Our passwords are more important than ever before, as research shows that the average person with an active digital life has more than 100 different passwords. While most of us are now aware of basic security ideas such as choosing strong passwords and not writing them down, there are some more unusual ways that they can be compromised that you need to be aware of.
|Table of Contents|
Using the Same Password as Other People
You might think that your password is completely unique, but is it possible that you’ve come up with exactly the same word or phrase as thousands of other people without realizing it? Research in this area by ExpressVPN showed that “123456” is the world’s most popular password. Each country also has its own most popular word, such as “212121” in Greece and “passwort” in Germany. They confirm that cultural differences lead to different words being commonly used in each country.

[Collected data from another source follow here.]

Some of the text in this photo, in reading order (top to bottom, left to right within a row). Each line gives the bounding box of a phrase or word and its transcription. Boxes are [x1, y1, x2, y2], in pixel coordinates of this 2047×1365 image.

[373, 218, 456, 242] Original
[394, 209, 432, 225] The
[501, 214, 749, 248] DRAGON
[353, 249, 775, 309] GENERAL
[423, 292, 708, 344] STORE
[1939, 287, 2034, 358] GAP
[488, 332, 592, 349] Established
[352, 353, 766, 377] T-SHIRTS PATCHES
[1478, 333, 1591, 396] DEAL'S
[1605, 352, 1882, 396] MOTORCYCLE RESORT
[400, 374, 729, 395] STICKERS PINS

By choosing a password that means something to you personally, there’s more chance of creating something unique and memorable that can’t be guessed easily. However, if you use a generic phrase or word then you might end up with something that’s relatively easy for hackers to guess.
The Heat from Your Fingertips
You’ve probably never thought about whether the heat from your fingertips could leave a tell-tale trail on your keyboard, have you? Yet, that’s exactly what a team of researchers from the University of Glasgow looked into recently. They used heat-detecting cameras to create thermal images and then put artificial intelligence to work in seeing if the password could be correctly guessed.

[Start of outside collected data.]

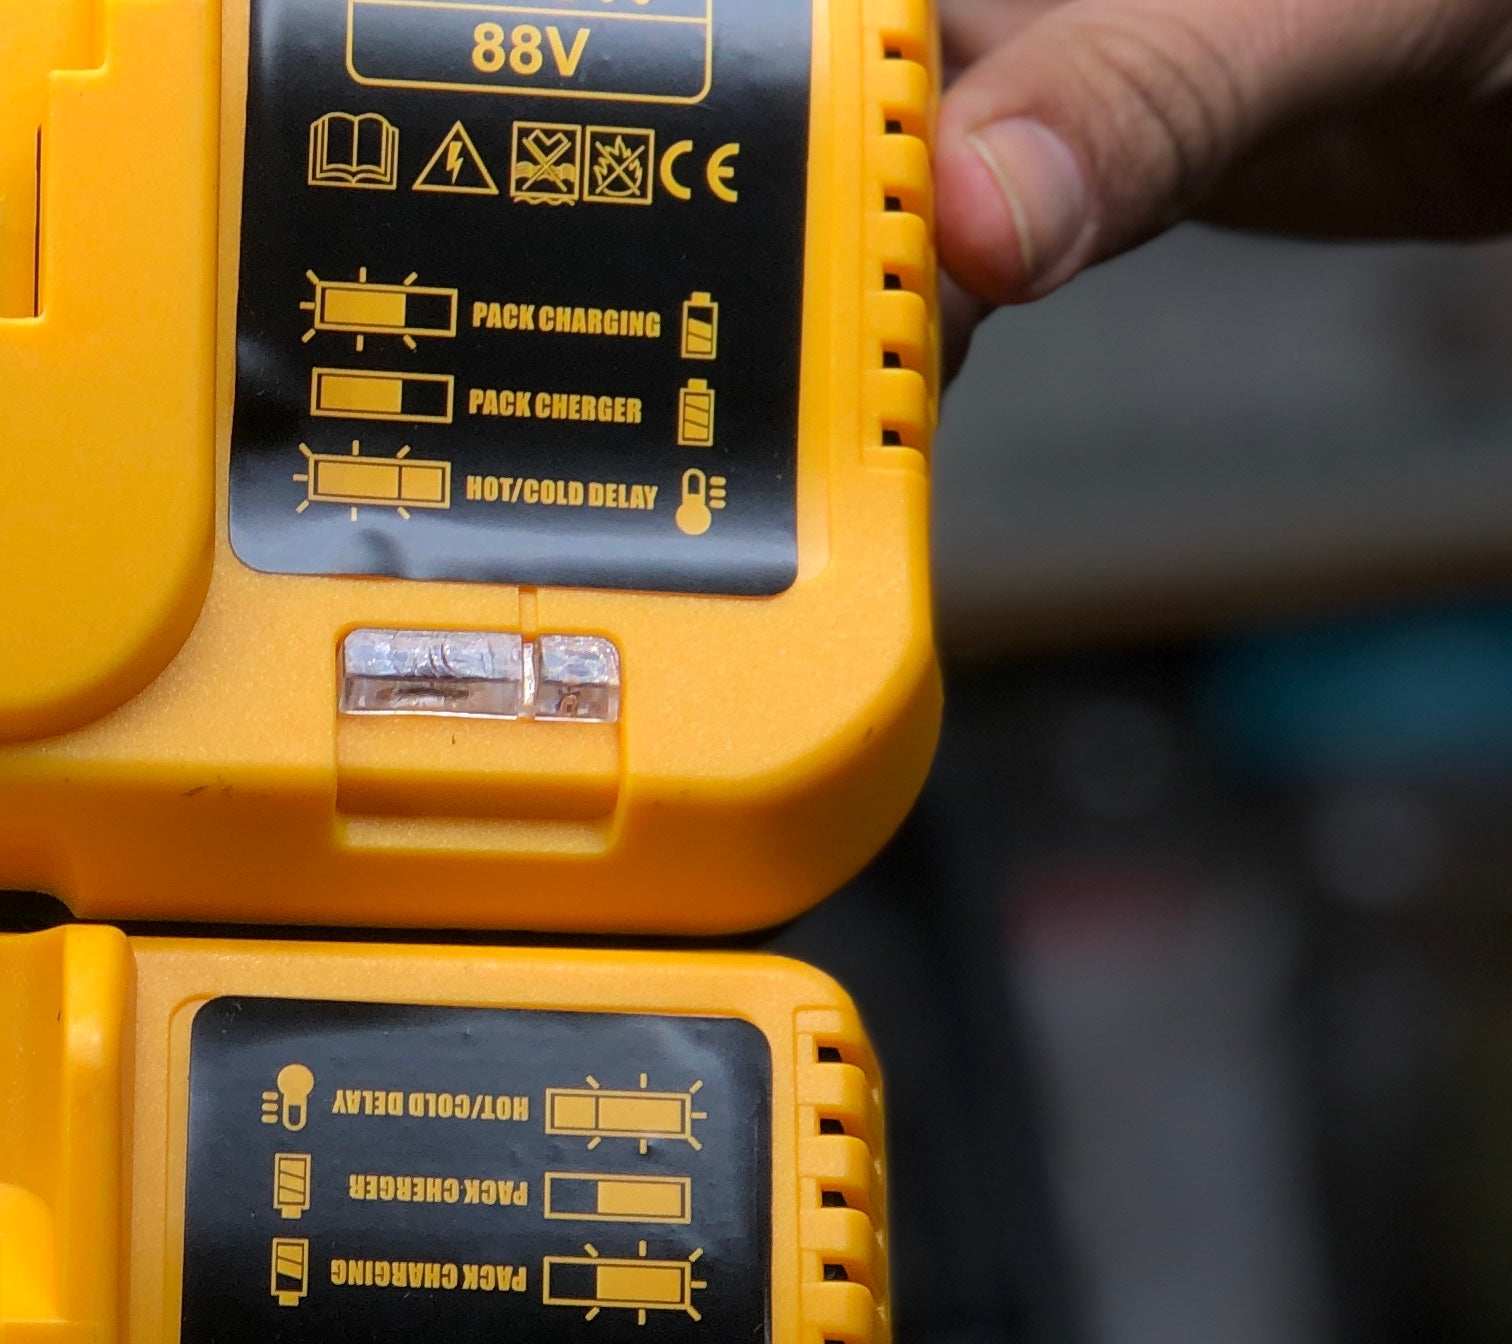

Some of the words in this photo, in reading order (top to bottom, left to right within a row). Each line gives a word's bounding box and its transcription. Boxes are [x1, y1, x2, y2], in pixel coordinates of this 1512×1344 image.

[471, 23, 590, 77] 88V
[472, 301, 536, 331] PACK
[538, 305, 661, 337] CHARGING
[468, 389, 530, 418] PACK
[535, 392, 642, 423] CHERGER
[465, 475, 585, 506] HOT/COLD
[589, 481, 659, 510] DELAY
[331, 1089, 404, 1115] DELAY
[408, 1093, 529, 1120] HOT/COLD
[348, 1174, 460, 1203] CHERGER
[464, 1177, 528, 1205] PACK
[330, 1259, 459, 1289] CHARGING
[463, 1263, 527, 1291] PACK

The results were surprising, as their tool was able to accurately work out 86% of the passwords, provided that the images were captured within a maximum of 20 seconds following the typing. Once the time was pushed up to 30 seconds the accuracy fell to 76%, and it dropped to 63% after a full minute had passed. Even longer passwords with up to 16 characters in them could be guessed, but the shorter the secret code, the easier it was to crack in this way.
Click here to view full size image
Meta, which is the parent company of Facebook, has pointed out that their researchers discovered hundreds of malicious apps that attempt to steal users’ passwords. They found that photo editors were the worst culprits, making up over 42% of all the cases that they came across. They also spotted the likes of flashlight apps, fitness trackers, and other seemingly innocuous apps that should be avoided.
The company confirmed all of the malicious apps that they found have now been taken off the Play Store, with Apple also removing them from their App Store. However, this still leaves a list of around 400 of these apps that users will need to manually remove from their devices to be completely safe, and there may be more out there. Meta advises people to be careful and only use trusted apps, as well as changing their password and using two-factor authentication.
There are now more ways of keeping passwords safe than ever before, so it should be easier to keep your details safe at all times, no matter what online activities you prefer.